Nvidia Graduate Fellowship Finalist, 2025-2026
AMD AI & HPC Cluster Award, 2025
Amazon Research Awards, 2022

Media Press

Sky-T1 covered by New York Times, Wall Street Journal, and The Information.

Mentorship

Beyond research collaboration, I commit seriously to mentoring junior students. If you are serious about working with me, please fill out this form.

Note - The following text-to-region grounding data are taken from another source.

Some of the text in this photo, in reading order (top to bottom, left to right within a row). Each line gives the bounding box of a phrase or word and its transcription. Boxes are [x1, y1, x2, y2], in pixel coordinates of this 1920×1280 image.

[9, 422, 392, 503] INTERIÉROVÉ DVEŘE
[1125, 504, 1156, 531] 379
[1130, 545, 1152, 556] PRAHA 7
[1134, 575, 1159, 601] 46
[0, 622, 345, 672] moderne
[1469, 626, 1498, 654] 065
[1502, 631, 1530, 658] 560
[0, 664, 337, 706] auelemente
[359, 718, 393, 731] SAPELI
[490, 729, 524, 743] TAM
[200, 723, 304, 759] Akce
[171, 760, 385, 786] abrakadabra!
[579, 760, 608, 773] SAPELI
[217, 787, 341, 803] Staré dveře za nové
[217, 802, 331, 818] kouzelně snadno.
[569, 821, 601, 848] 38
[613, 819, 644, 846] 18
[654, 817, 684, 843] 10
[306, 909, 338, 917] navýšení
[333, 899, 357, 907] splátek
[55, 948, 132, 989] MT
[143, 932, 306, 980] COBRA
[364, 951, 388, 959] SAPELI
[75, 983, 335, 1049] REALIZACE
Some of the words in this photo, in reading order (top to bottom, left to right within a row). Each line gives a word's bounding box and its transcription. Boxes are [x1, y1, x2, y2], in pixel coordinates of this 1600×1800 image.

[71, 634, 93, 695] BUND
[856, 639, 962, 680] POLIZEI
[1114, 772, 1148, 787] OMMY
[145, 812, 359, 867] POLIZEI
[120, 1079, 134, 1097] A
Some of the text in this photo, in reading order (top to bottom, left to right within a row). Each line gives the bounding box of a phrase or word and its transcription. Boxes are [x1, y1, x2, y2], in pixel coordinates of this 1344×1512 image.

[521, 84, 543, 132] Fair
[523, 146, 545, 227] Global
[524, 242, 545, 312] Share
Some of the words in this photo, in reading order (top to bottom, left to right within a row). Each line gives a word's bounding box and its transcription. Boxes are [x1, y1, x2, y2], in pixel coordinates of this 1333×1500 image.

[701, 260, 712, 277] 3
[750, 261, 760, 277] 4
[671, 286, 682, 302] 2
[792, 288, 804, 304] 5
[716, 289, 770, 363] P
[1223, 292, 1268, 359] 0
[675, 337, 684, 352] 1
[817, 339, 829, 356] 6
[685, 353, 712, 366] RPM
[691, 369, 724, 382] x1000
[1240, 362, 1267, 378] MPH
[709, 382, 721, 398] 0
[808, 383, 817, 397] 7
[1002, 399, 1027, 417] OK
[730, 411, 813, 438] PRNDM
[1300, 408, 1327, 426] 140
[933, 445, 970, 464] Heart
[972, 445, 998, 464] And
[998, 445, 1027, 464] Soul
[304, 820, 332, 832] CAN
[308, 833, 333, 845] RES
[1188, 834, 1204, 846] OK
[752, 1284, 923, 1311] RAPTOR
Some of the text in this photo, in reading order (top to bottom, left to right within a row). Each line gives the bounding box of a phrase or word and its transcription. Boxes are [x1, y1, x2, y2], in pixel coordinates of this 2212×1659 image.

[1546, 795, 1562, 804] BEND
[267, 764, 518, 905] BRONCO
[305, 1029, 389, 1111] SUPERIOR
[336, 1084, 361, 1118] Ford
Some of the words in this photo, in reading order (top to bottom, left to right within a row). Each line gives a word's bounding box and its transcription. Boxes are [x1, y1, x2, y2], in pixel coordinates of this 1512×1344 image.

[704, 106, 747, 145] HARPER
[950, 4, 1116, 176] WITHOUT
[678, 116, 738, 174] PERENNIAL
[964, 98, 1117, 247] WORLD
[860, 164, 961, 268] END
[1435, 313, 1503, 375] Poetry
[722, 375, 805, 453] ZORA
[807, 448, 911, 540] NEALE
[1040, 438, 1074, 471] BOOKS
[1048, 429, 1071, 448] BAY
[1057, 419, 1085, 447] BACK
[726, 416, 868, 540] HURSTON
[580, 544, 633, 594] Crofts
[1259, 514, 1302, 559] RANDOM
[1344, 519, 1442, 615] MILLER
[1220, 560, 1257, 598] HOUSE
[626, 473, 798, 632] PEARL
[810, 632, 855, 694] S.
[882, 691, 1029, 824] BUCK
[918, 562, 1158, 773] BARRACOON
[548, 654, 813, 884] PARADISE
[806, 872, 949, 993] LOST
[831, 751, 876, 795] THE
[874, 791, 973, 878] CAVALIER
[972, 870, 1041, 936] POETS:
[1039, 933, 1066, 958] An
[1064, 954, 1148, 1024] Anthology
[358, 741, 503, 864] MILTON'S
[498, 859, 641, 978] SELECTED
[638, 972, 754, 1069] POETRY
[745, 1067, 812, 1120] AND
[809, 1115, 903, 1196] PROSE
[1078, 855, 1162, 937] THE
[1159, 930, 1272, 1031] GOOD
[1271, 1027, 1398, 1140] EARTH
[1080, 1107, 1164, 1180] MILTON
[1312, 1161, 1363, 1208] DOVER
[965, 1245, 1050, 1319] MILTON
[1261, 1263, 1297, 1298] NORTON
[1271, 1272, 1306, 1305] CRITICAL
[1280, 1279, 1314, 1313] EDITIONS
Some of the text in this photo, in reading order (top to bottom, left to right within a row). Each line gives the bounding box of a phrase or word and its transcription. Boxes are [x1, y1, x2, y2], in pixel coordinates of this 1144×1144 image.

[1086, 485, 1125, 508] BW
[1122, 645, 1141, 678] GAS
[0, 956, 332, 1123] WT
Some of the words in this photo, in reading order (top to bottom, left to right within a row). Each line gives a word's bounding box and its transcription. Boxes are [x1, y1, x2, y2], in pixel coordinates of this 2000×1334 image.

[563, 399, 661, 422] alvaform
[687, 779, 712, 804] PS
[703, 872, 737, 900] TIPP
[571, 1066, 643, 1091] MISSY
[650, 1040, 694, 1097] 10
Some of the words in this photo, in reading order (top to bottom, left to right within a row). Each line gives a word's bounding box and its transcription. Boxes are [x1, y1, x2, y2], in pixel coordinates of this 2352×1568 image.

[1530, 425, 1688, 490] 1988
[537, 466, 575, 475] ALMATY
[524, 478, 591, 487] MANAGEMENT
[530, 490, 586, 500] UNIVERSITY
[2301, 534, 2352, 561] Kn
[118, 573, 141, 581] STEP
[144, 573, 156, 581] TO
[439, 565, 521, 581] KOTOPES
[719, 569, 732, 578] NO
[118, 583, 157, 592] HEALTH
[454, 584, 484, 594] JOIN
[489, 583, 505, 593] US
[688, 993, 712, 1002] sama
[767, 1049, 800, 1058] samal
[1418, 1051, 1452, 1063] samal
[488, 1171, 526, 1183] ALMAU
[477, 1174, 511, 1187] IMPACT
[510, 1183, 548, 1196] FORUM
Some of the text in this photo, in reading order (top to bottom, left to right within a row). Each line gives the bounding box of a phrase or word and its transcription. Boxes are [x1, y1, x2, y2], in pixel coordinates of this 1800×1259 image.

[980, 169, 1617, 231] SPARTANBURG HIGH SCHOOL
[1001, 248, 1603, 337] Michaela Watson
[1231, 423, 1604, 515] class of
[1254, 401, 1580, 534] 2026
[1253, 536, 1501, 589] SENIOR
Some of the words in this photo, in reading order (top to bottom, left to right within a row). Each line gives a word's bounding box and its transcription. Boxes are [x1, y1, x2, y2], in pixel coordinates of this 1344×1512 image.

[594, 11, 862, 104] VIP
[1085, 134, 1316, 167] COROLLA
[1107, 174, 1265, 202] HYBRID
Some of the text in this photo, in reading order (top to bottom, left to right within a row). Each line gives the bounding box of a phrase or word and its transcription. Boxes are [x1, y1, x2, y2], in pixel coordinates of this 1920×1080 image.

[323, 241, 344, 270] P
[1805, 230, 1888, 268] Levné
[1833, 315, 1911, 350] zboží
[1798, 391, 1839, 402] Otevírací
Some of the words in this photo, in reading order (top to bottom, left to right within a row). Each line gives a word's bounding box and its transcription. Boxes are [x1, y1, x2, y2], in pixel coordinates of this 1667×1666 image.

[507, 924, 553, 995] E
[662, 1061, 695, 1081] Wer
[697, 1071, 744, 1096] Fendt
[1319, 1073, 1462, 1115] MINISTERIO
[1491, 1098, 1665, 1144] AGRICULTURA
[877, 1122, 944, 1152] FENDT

We will have regular meetings and we will succeeed.

News

2025-2 Released S*, a simple and extensible test time scaling framework for code generation.
2025-1 Released Sky-T1-32B-Preview , a fully open-sourced reasoning model.
2025-1 Started NovaSky that targets the next-generation of open AI models.
2025-1 LongVILA, VILA-U, and Sorry-Bench are accepted to ICLR'25.
2024-12 Honored to receive the finalist award from Nvidia 2025-2026 Fellowship.
2024-08 Released LongVila, a seris of long-context VLM for videos.
2024-08 Released Marill, an efficient MPC framework for LLMs, extending the idea in MPCFormer.
2024-07 DistFlashAttn is accepted to COLM'2024.
2024-06 Joined Nvidia as a research intern, on multi-modal foundation models with Prof. Song Han.
2024-05 Chatbot Arena is accepted to ICML'2024.
2024-03 VTC is accepted to OSDI'2024.
2024-02 S-lora and MCBench are accepted to MLsys'2024.
2023-09 The official paper of Vicuna (LLM-as-a-judge) is accepted to Neurips'2024.
2023-08 Joined Google as a student researcher, working on LLMs evaluation.
2023-06 Released a series of long-context models and evaluation toolkits LongChat.
2023-04 Released a compact open-sourced chatbot FastChat-T5.
2023-01 MPCFormer is accepted at ICLR'2023 as spotlight.
2022-12 A secure LLMs serving proposal is accepted at Amazon Research Awards.
2022-10 AMP is accepeted at Neurips'2022.
2021-03 DC-VAE is accepted at CVPR'2021.